However another key tenet among the conservative base is the importance of having the people, and not the judges, decide what is correct among competing political ideas. "Activist judges" remains a powerful epithet for many on the right. Some fervently hold to the idea that a great deal of mischief is caused by know it all, elitist, out of touch, Ivy League, smug judges who arrogantly substitute their own preferences for plainly written law or long agreed upon custom.
Or to put it another way some conservatives just throw a fit and start hurling insults when their favored position loses in court. People on the other side are hardly immune to this of course. Check out the liberal reactions to the Supreme Court's Heller decision. Temper tantrums seem to have become more common for everyone. Still, this conservative sensitivity and hostility to the very existence of judicial review was touched recently in Kansas. Like many states Kansas is seeing new battles over education and social spending. Conservatives and liberals almost by definition usually have quite different political preferences for the spending levels in those categories. These battles have not only been touched off by tax cuts or other reductions in spending but by the recession driven crash in property values in many localities. So even if some states wanted to keep the same level of school funding, it was sometimes very difficult to do so. States can't print their own money. States, unlike the Federal government, are generally constitutionally forbidden to run deficits. Still in Kansas, it appears that politics, not necessity is the primary driver of the latest contretemps. It's not necessarily that Kansas politicians can't spend the money. It's that they don't want to do so.
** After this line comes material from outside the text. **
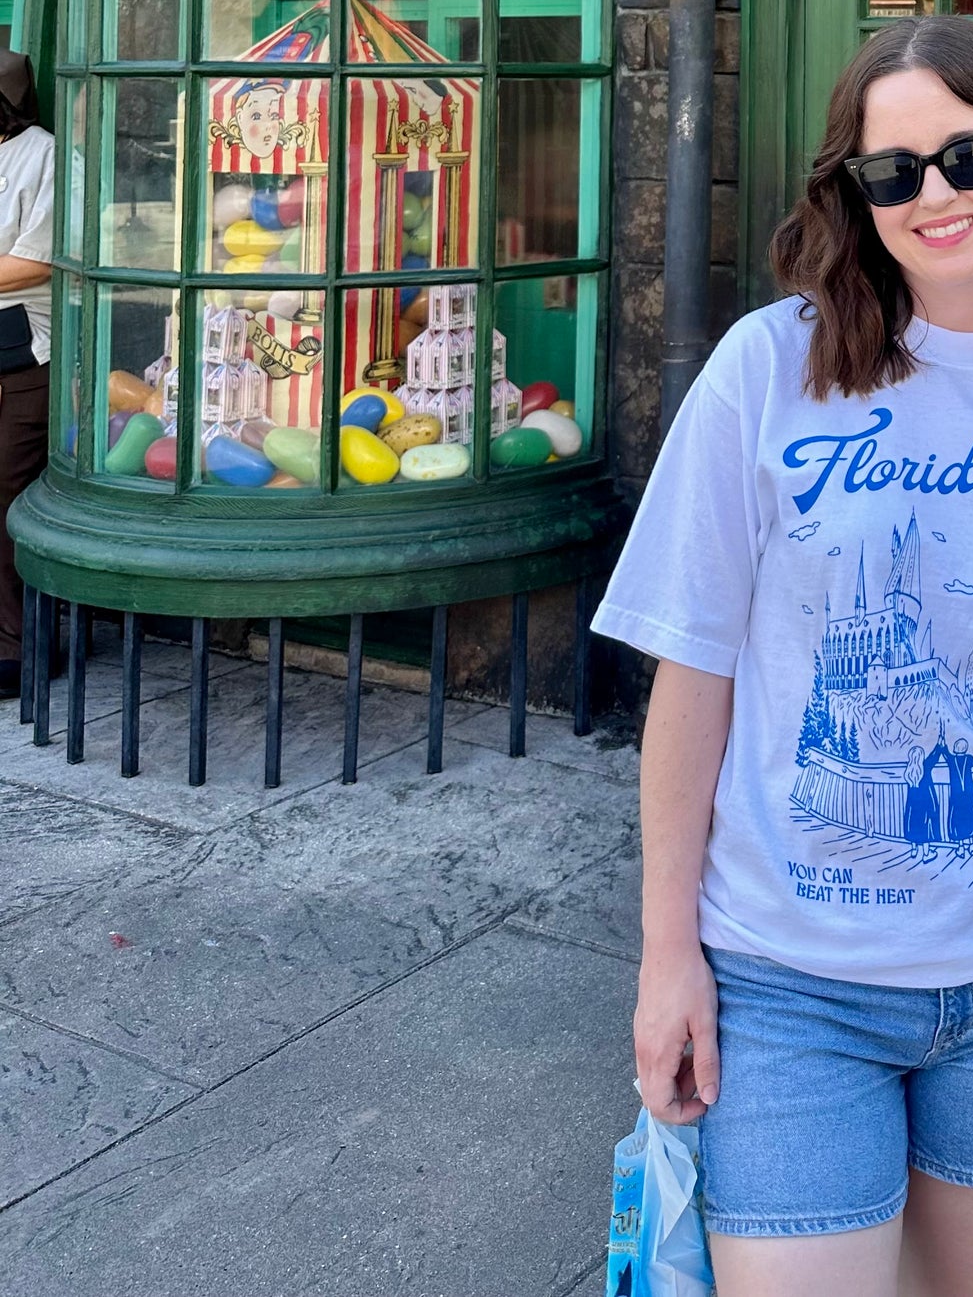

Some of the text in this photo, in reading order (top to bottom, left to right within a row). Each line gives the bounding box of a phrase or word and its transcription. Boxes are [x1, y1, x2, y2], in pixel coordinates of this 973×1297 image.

[252, 326, 297, 368] BOTTS
[787, 861, 852, 884] YOU CAN
[796, 882, 916, 904] BEAT THE HEAT
Kansas’ current constitutional crisis has its genesis in a series of cuts to school funding that began in 2009. The cuts were accelerated by a $1.1 billion tax break, which benefited mostly upper-income Kansans, proposed by Governor Brownback and enacted in 2012.
Overall, the Legislature slashed public education funding to 16.5 percent below the 2008 level, triggering significant program reductions in schools across the state. Class sizes have increased, teachers and staff members have been laid off, and essential services for at-risk students were eliminated, even as the state implemented higher academic standards for college and career readiness.
Parents filed a lawsuit in the Kansas courts to challenge the cuts. In Gannon v. State of Kansas, a three-judge trial court ruled in January 2013 for the parents, finding that the cuts reduced per-pupil expenditures far below a level “suitable” to educate all children under Kansas’ standards. To remedy the funding shortfall, the judges ordered that per-pupil expenditures be increased to $4,492 from $3,838, the level previously established as suitable.
Rather than comply, Governor Brownback appealed to the Kansas Supreme Court. A decision is expected this month. A victory for the parents would be heartening, but if it comes, would Governor Brownback and legislative leaders uphold the right to education guaranteed to Kansas school children? The signals thus far are not promising. If the Kansas Supreme Court orders restoration of the funding, legislators are threatening to amend the state’s Constitution by removing the requirement for “suitable” school funding and to strip Kansas courts of jurisdiction to hear school finance cases altogether. And if the amendment fails, they have vowed to defy any court order for increased funding or, at the very least, take the money from higher education.
So what's your opinion. Most state constitutions make it clear that the state has the responsibility to provide for public education for all. As in most things though the devil is in the details. On the one hand the state can't dodge that responsibility. On the other hand, times are tough all over. If the elected politicians of Kansas decide that their state is best served by a 16.5% funding cut to education, isn't that their business? Or is it ultimately the Court's job to determine what the mix of expenditures should be? Public school outcomes are never just about money in the system but on the other hand are there public schools that have provided better results with much less money? I can't think of too many where I grew up. You can't cut a school system off at the knees and demand higher performance can you? Or can you? Who should prevail in this battle?
What's your call?
Are legislators and/or executives ever justified in threatening to ignore court rulings they dislike?